> [What you are asked to do]: With the pictures excluded, retype the records that follow exactly.

=== Section Start ===

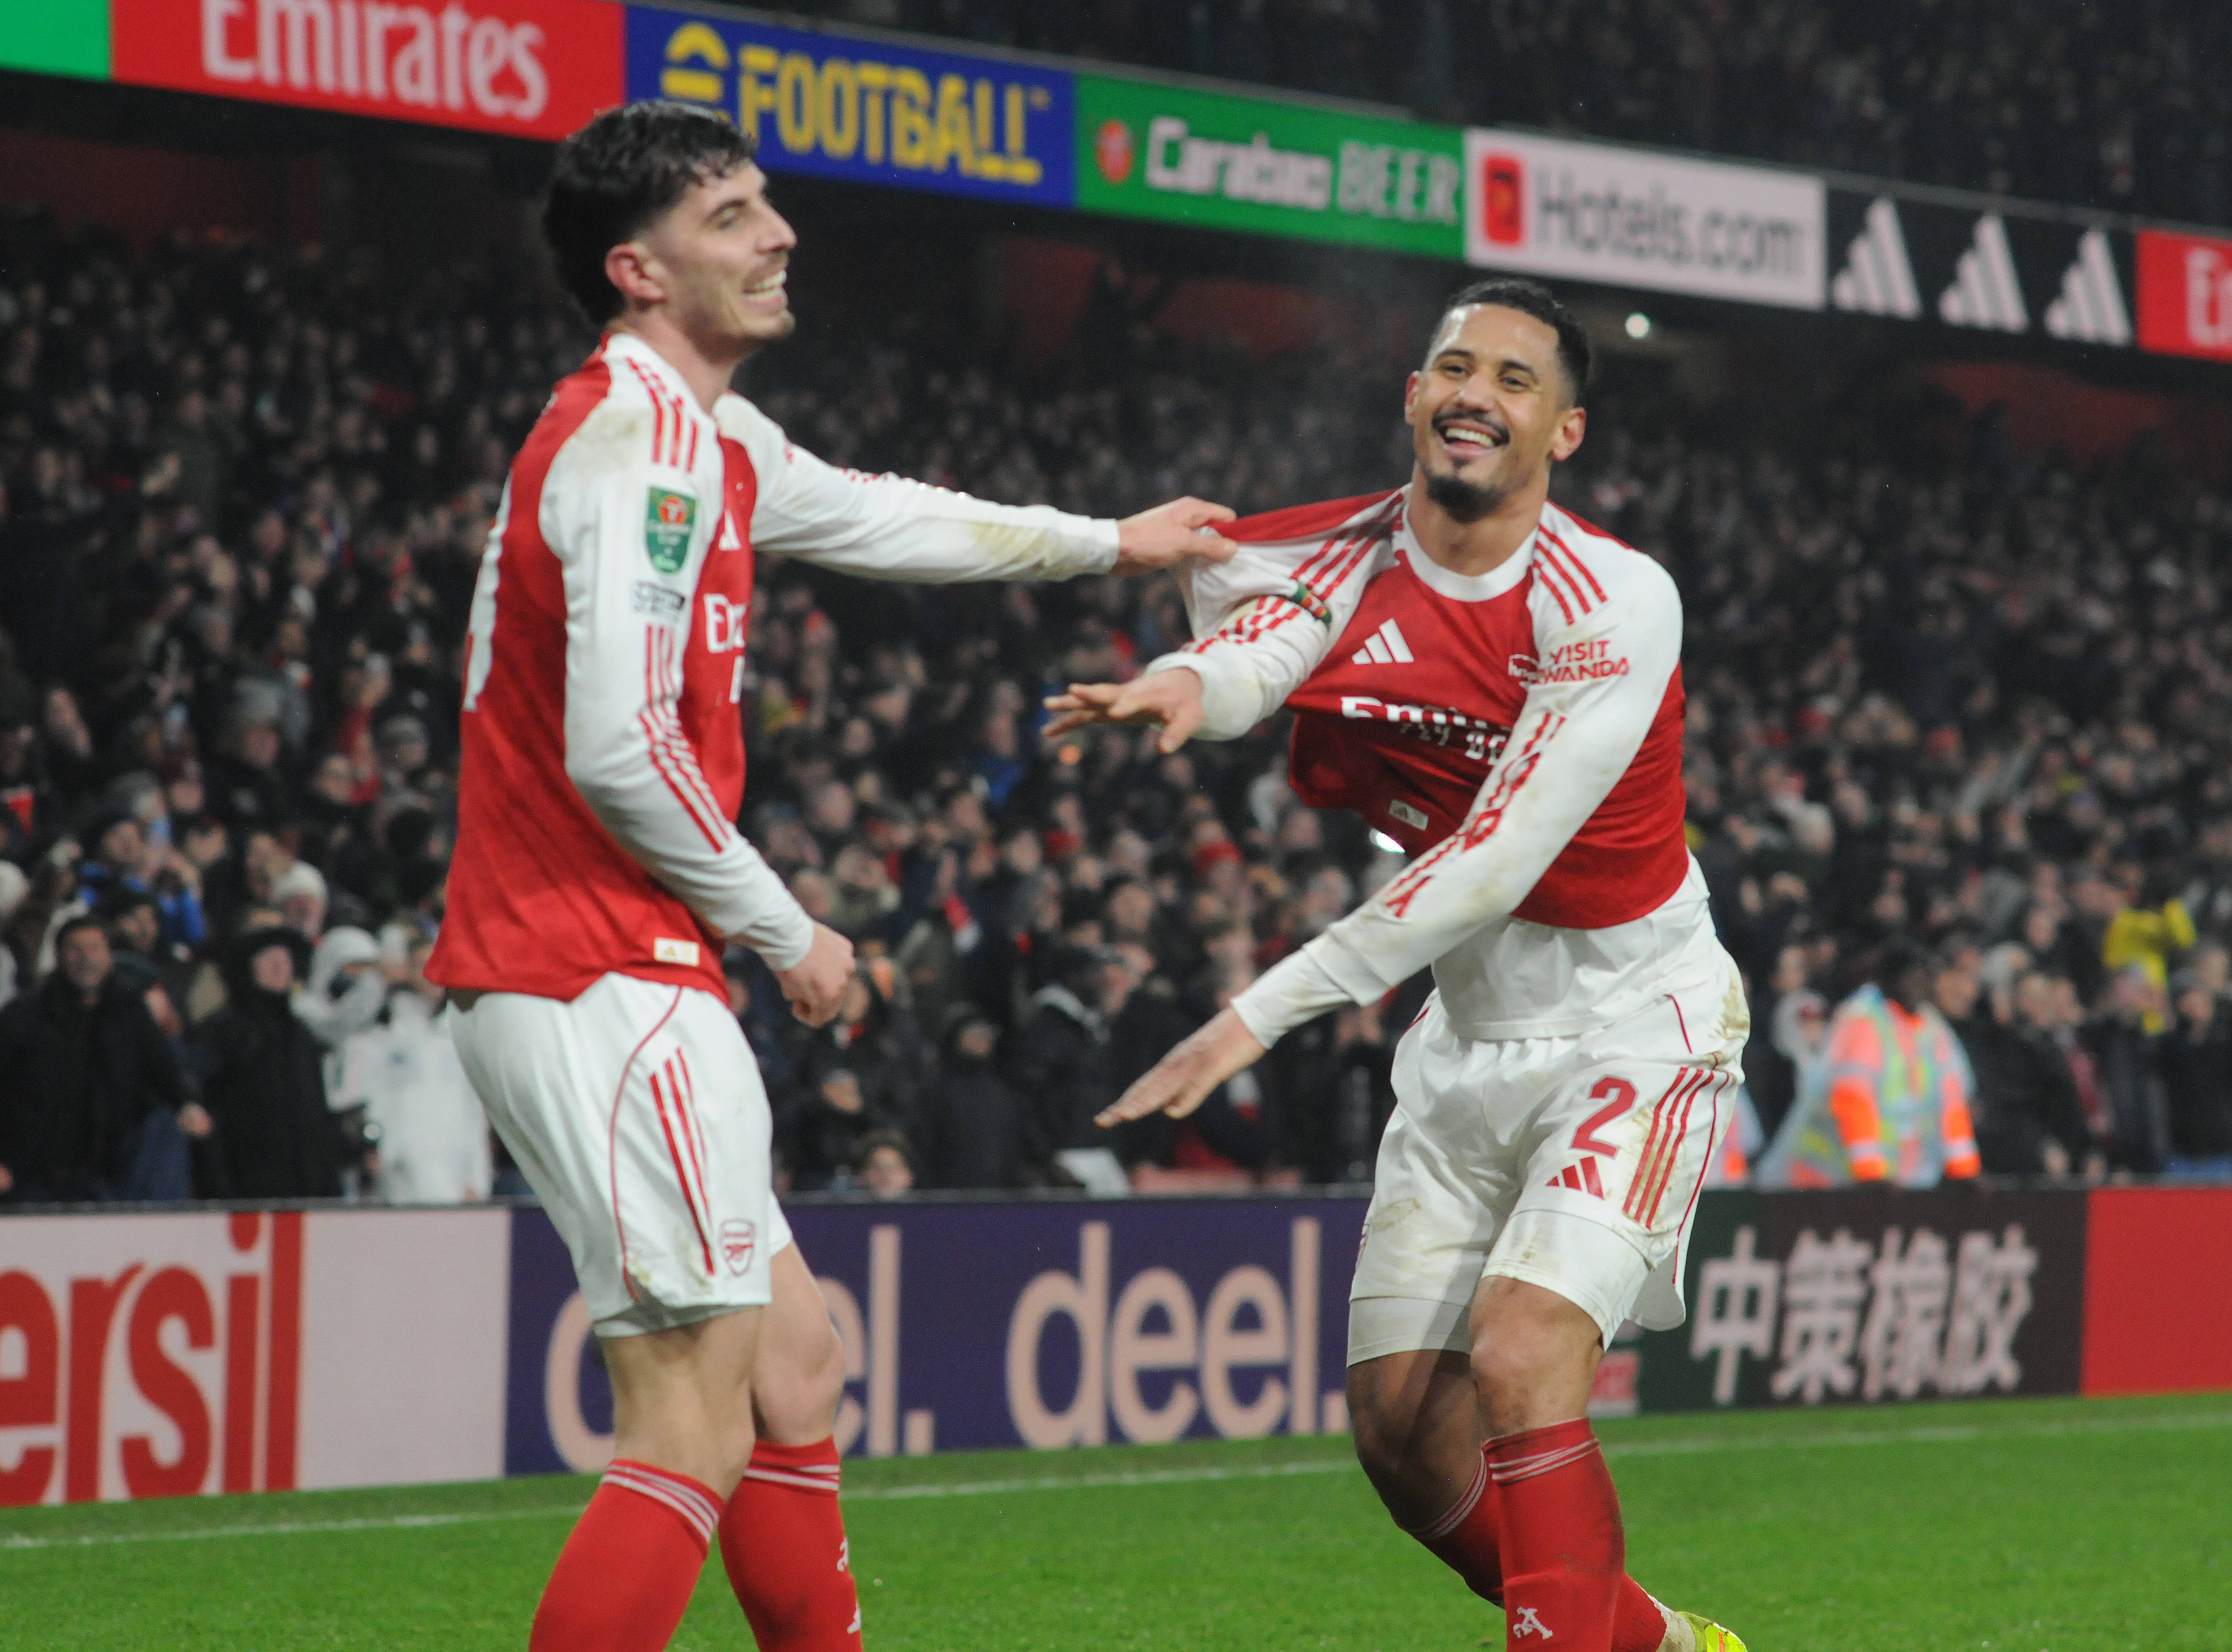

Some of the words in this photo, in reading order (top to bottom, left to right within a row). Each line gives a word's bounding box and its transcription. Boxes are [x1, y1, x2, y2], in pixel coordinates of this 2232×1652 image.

[200, 0, 549, 121] Emirates
[1338, 140, 1460, 226] BEER
[1535, 166, 1805, 278] Hotels.com
[1549, 639, 1611, 665] VISIT
[1569, 1075, 1639, 1161] 2
[0, 1211, 306, 1507] ersil
[1005, 1218, 1349, 1449] deel.

=== Section End ===

> [Result below]:
Some of the words in this photo, in reading order (top to bottom, left to right within a row). Each line gives a word's bounding box and its transcription. Boxes are [x1, y1, x2, y2], in pixel coordinates of this 2232×1652 image.

[200, 0, 549, 121] Emirates
[1338, 140, 1460, 226] BEER
[1535, 166, 1805, 278] Hotels.com
[1549, 639, 1611, 665] VISIT
[1569, 1075, 1639, 1161] 2
[0, 1211, 306, 1507] ersil
[1005, 1218, 1349, 1449] deel.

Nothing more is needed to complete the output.